The test driver produces the following artifacts for each execution as a by-product of the run: Start and end timestamps in wall clock time, recorded with microsecond precision. The identifier of the operation and any substitution parameters.


\subsubsection{Summary of Benchmark Results}
\label{sec:performance-metrics}
A separate test summary tool provided with the test driver analyses the test driver log(s) after a measurement window is completed.

The tool produces for each of the distinct queries and transactions the following summary:
\begin{itemize}
    \item Run time of query in wall clock time.
    \item Count of executions.
    \item Minimum/mean/percentiles/maximum execution time.
    \item Standard deviation from the average execution time.
\end{itemize}
The tool produces for the complete run the following summary:
\begin{itemize}
    \item Operations per second for a given SF (throughput). This is the primary metric of this workload.
    \item The total execution time in wall clock time.
    \item The total number of completed operations.
\end{itemize}


\subsection{Implementation Language and Data Access Transparency}

The queries and updates may be implemented in a domain-specific query language or as procedural code written in a general-purpose programming language (\eg using the API of the database).

\subsubsection{Implementations Using a Domain-Specific Query Language}
\label{sec:finbench-domain-specific-query-language}

If a domain-specific query language is used, \eg SPARQL, SQL, Cypher, or Gremlin, then explicit query plans are prohibited in all read-only queries.%
\footnote{If the queries are not declarative clearly, the auditor must ensure that they do not specify explicit query plans by investigating their source code and experimenting with the query planner of the system (\eg using SQL's \texttt{EXPLAIN} command).}
The update transactions may still consist of multiple statements, effectively amounting to explicit plans.

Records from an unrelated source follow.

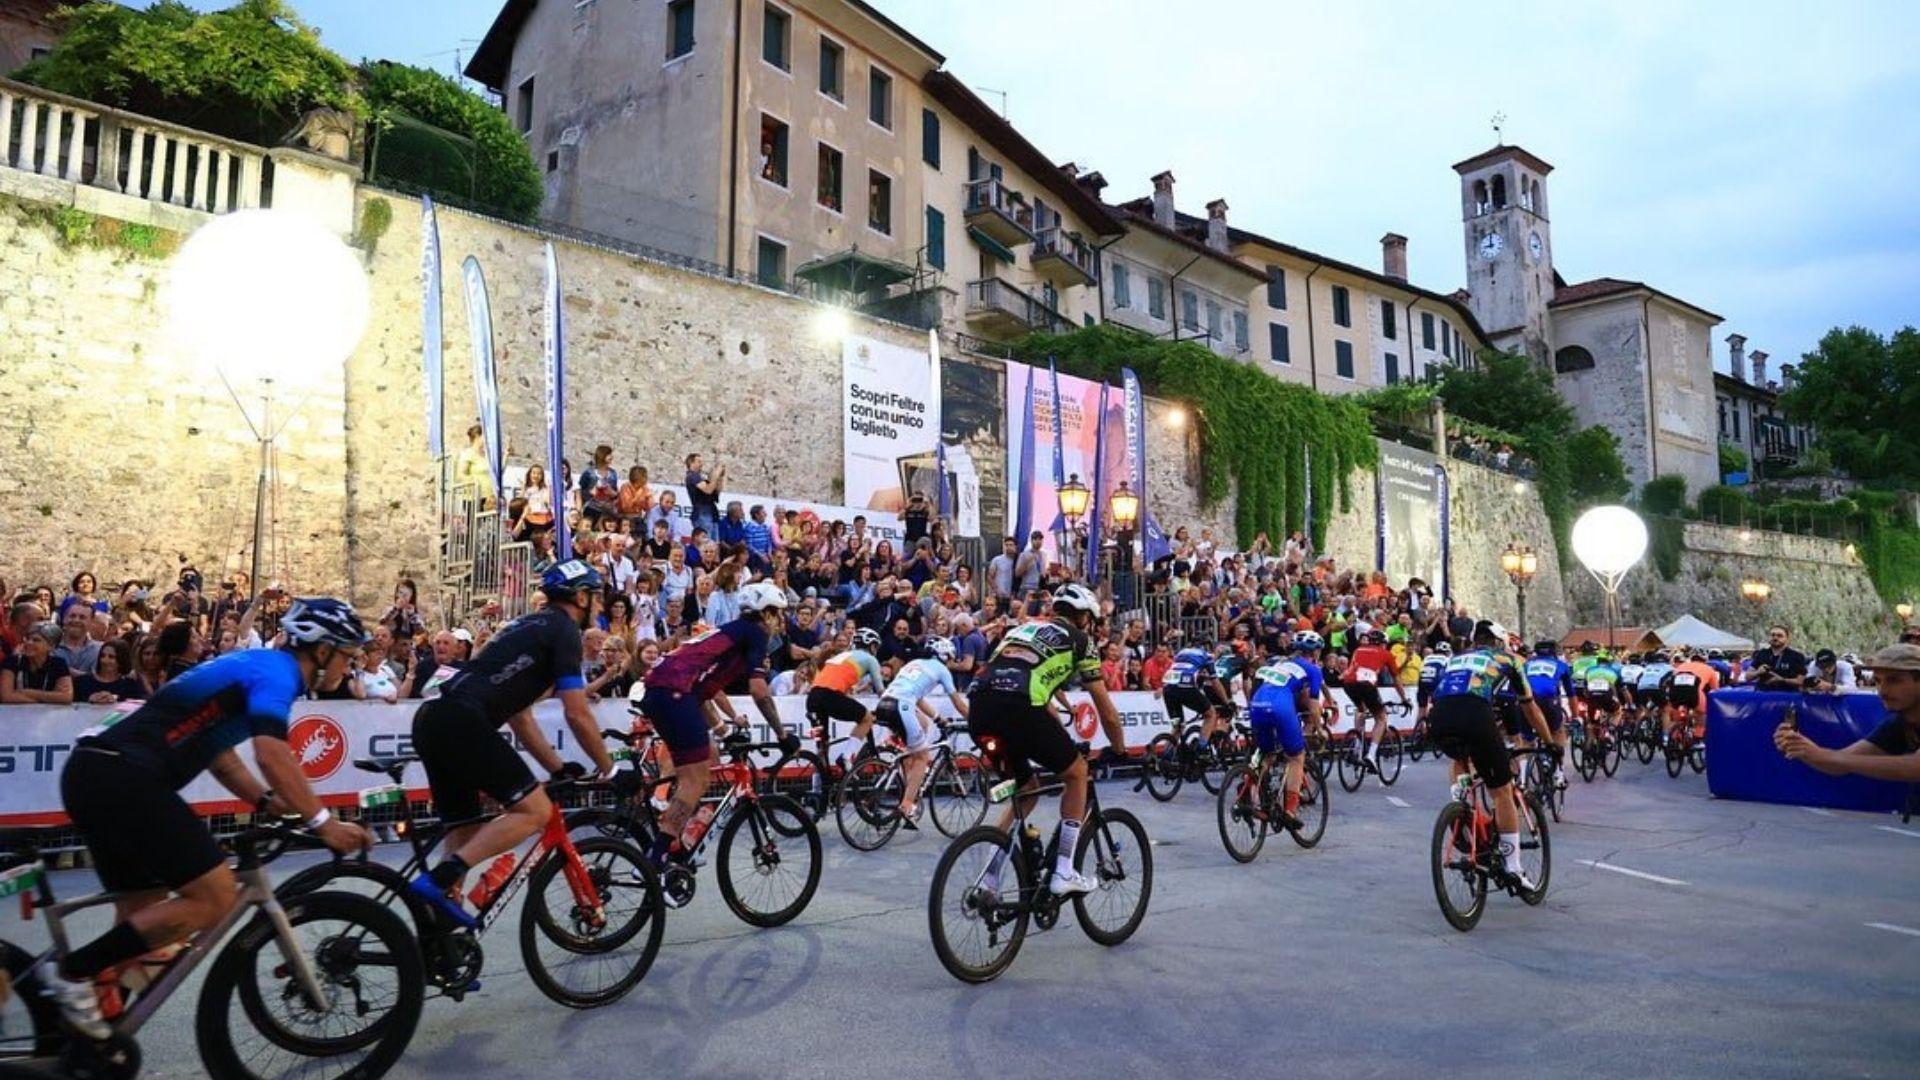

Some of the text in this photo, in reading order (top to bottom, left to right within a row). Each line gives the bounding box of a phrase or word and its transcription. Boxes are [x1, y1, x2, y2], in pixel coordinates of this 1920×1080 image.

[850, 383, 926, 413] Scopri Feltre
[850, 403, 924, 429] con un unico
[850, 416, 898, 440] biglietto
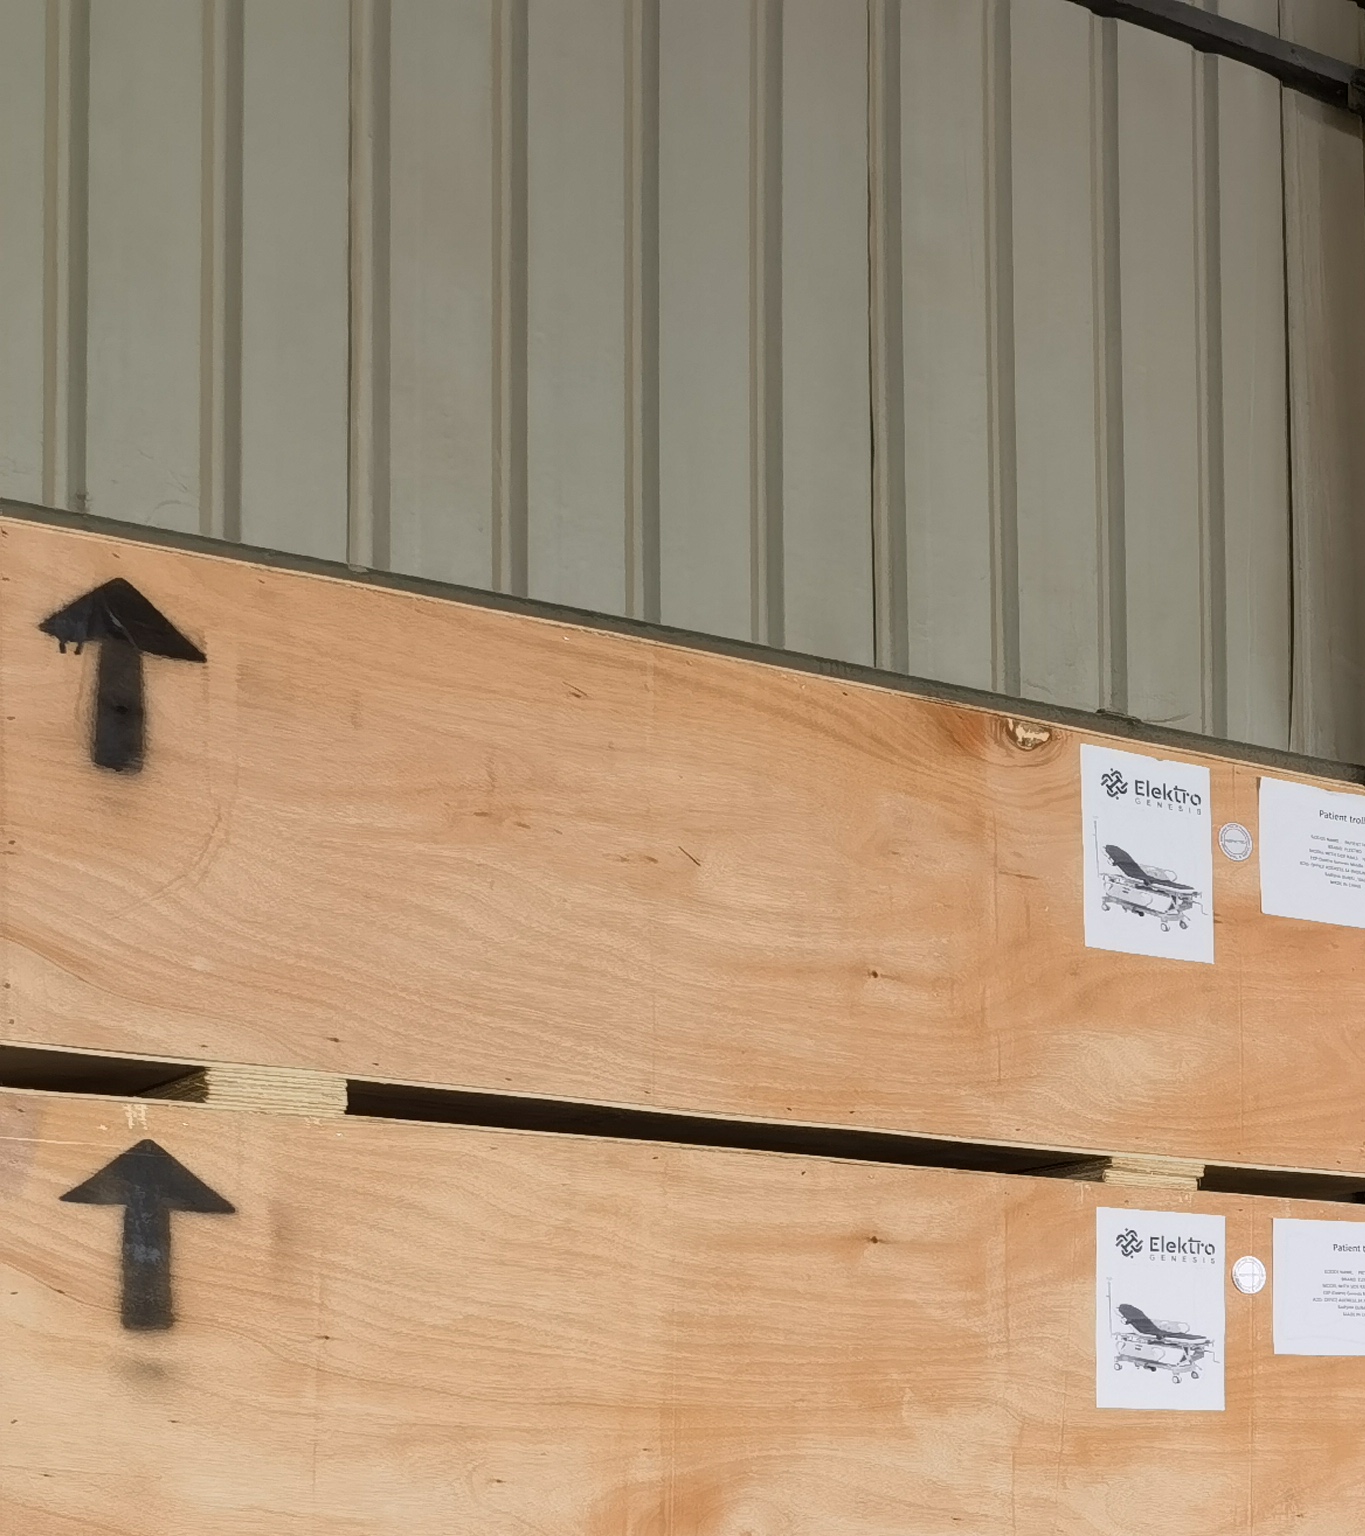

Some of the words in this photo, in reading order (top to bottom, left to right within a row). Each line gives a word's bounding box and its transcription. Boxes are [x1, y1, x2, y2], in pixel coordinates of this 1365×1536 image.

[1134, 779, 1202, 806] Elektro
[1134, 797, 1202, 815] GENESIS
[1319, 809, 1347, 822] Patient
[1150, 1235, 1216, 1255] Elektro
[1332, 1243, 1360, 1253] Patient
[1149, 1254, 1216, 1264] GENESIS

Explicit query plans include but are not limited to:
\begin{itemize}
    \item Directives or hints specifying a join order or join type
    \item Directives or hints specifying an access path, \eg which index to use
    \item Directives or hints specifying an expected cardinality, selectivity, fanout or any other information that pertains to the expected number of results or cost of all or part of the query.
\end{itemize}

\begin{quote}
    \emph{Rationale behind the applied restrictions.} The updates are effectively OLTP and, therefore, the customary freedoms apply, including the use of stored procedures, however subject to access transparency. Declarative queries in a benchmark implementation should be such that they could plausibly be written by an application developer. Therefore, their formulation should not contain system-specific aspects that an application developer would be unlikely to know. In other words, making a benchmark implementation should not require uncommon sophistication on behalf of the developer. This is a regular practice in analytical benchmarks, \eg \mbox{TPC-H}.
\end{quote}

\subsubsection{Implementations Using a General-Purpose Programming Language}
\label{sec:finbench-general-purpose-programming-language}

Implementations using a general-purpose programming language for specifying the queries (including procedural, imperative, and API-based implementations) are expected to respect the rules described in \autoref{sec:query-languages}.
For these implementations, the rules in \autoref{sec:finbench-domain-specific-query-language} do not apply.

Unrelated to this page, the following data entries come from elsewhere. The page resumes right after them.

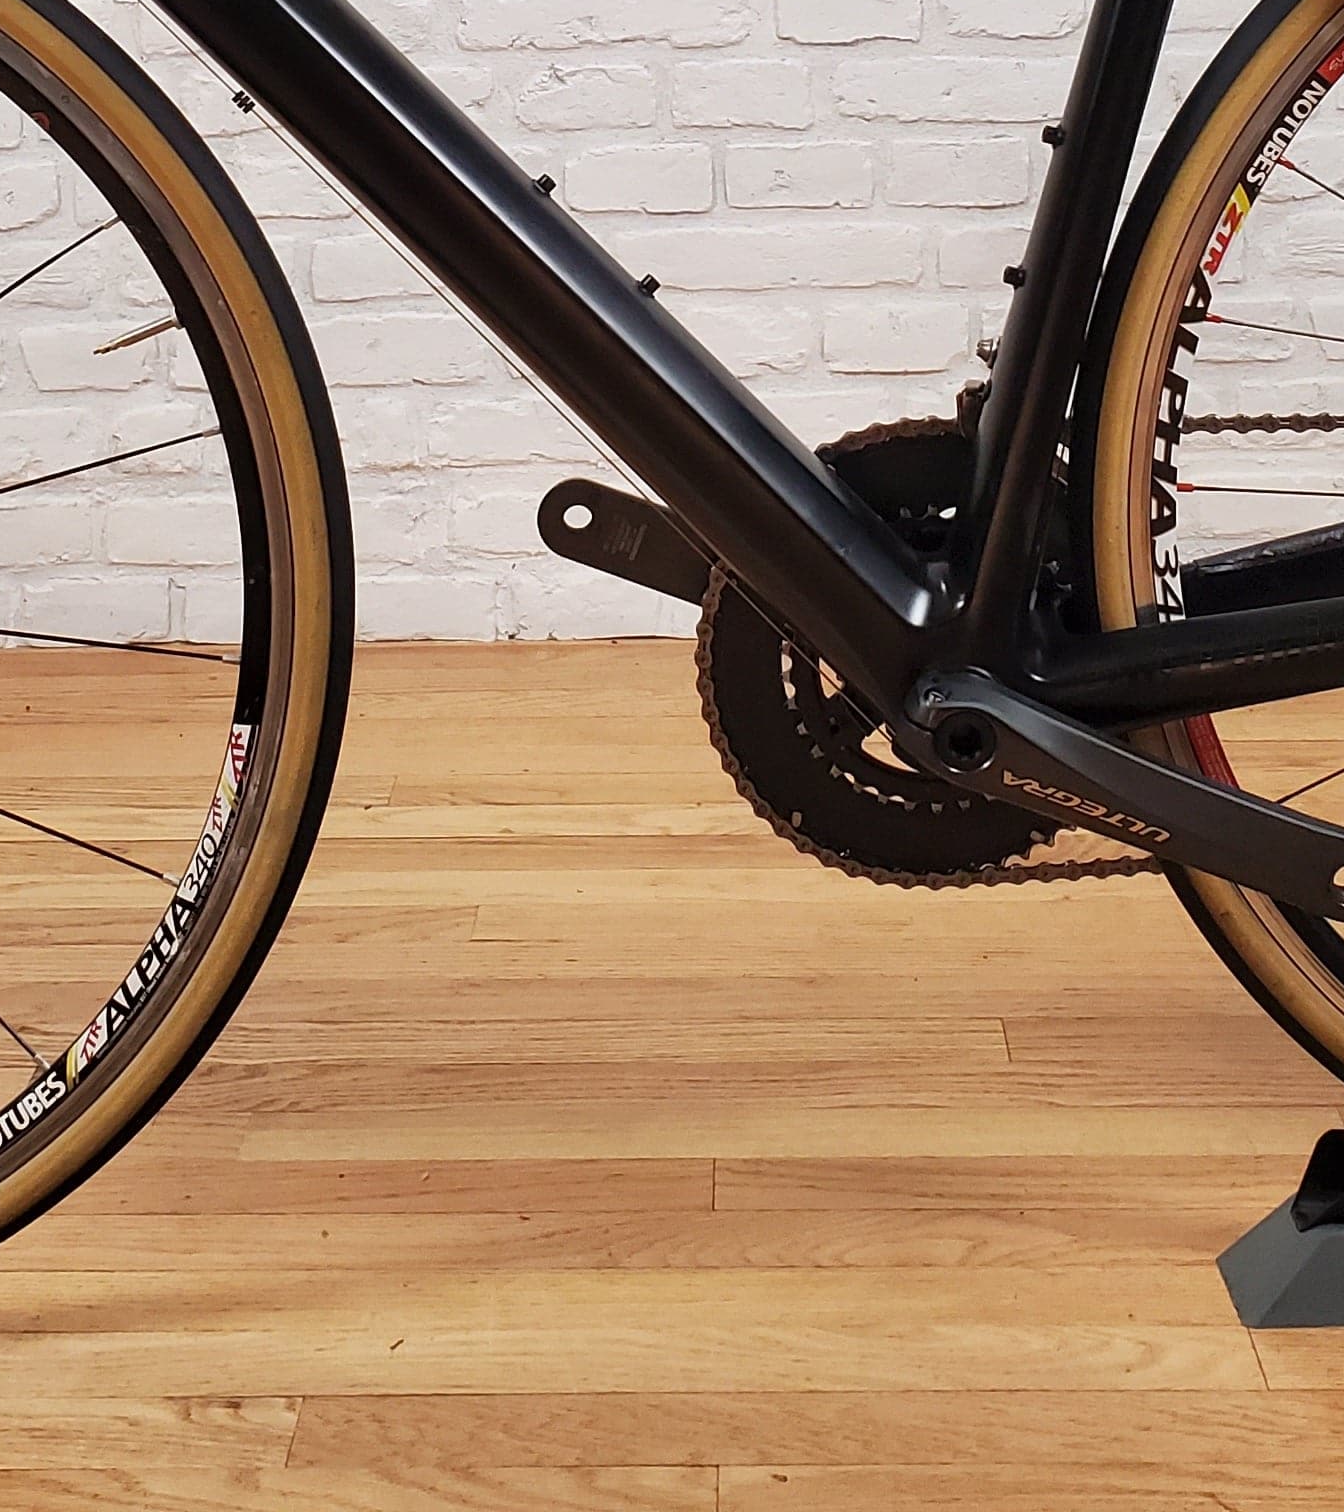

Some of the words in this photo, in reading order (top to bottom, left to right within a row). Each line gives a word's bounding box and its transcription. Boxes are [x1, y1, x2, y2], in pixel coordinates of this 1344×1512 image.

[1246, 80, 1325, 187] NOTUBES
[1204, 201, 1244, 273] ZTR
[1149, 266, 1212, 549] ALPHA
[1152, 544, 1182, 622] 34
[1002, 769, 1171, 843] ULTEGRA
[80, 1021, 101, 1063] ZTR
[103, 894, 199, 1038] ALPHA
[183, 833, 216, 896] 340
[211, 794, 222, 833] ZTR

\subsection{Correctness of Benchmark Implementation}

\subsubsection{Validation data set}
\label{sec:transaction-workload-validation-data-set}
The scale factor 1 shall be used as a validation data set.

\subsubsection{ACID Compliance}
\label{sec:transaction-workload-acid-compliance}

The Transaction workload requires full ACID support (\autoref{sec:acid-compliance}) from the SUT.
This is tested using the LDBC ACID test suite.
For the specification of this test suite, see \autoref{sec:acid-test} and the related software repository at \url{https://github.com/ldbc/ldbc_finbench_acid}.

\paragraph{Expected level of isolation}
If a transaction reads the database with the intent to update, the DBMS must guarantee no dirty reads. In other words, this
corresponds to read committed isolation.

\paragraph{Durability and checkpoints}

A checkpoint is defined as the operation which causes data persisted in a transaction log to become durable outside the transaction log. Specifically, this means that A SUT restart after instantaneous failure following the completion of the checkpoint may not have recourse to transaction log entries written before the end of the checkpoint.

A checkpoint typically involves a synchronization barrier at which all data committed before the moment is required to be in durable storage that does not depend on the transaction log.
Not all DBMSs use a checkpoint mechanism for durability. For example, a system may rely on redundant storage of data for durability guarantees against the instantaneous failure of a single server.

The measurement window may contain a checkpoint. If the measurement window does not contain one, then the restart test will involve redoing all the updates in the window as part of the recovery test.

The timed window ends with an instantaneous failure of the SUT. Instantaneously killing all the SUT process(es) is adequate for simulating instantaneous failure. All these processes should be killed within one second of each other with an operating system action equivalent to the Unix \verb+kill -9+. If such is not available, then powering down each separate SUT component that has an independent power supply is also possible.

The restart test consists of restarting the SUT process(es) and finishes when the SUT is back online with all its functionality and the last successful update logged by the driver can be seen to be in effect in the database.
%In the case of a distributed (scale-out) system, a particular partition may be recovered whereas another one is still in the process of recovering. If this is so, then checking for the last update shall not be done until all partitions are online.

If the SUT hardware was powered down, the recovery period does not include the reboot and possible file system check time. The recovery time starts when the DBMS software is restarted.


\paragraph{Recovery}
The SUT is to be restarted after the measurement window and the auditor will verify that the SUT contains the entirety of the last update recorded by the test driver(s) as successfully committed. The driver or the implementation has to make this information available. The auditor may also check the \emph{audit log} of the SUT (if available) to confirm that the operations issued by the driver were saved.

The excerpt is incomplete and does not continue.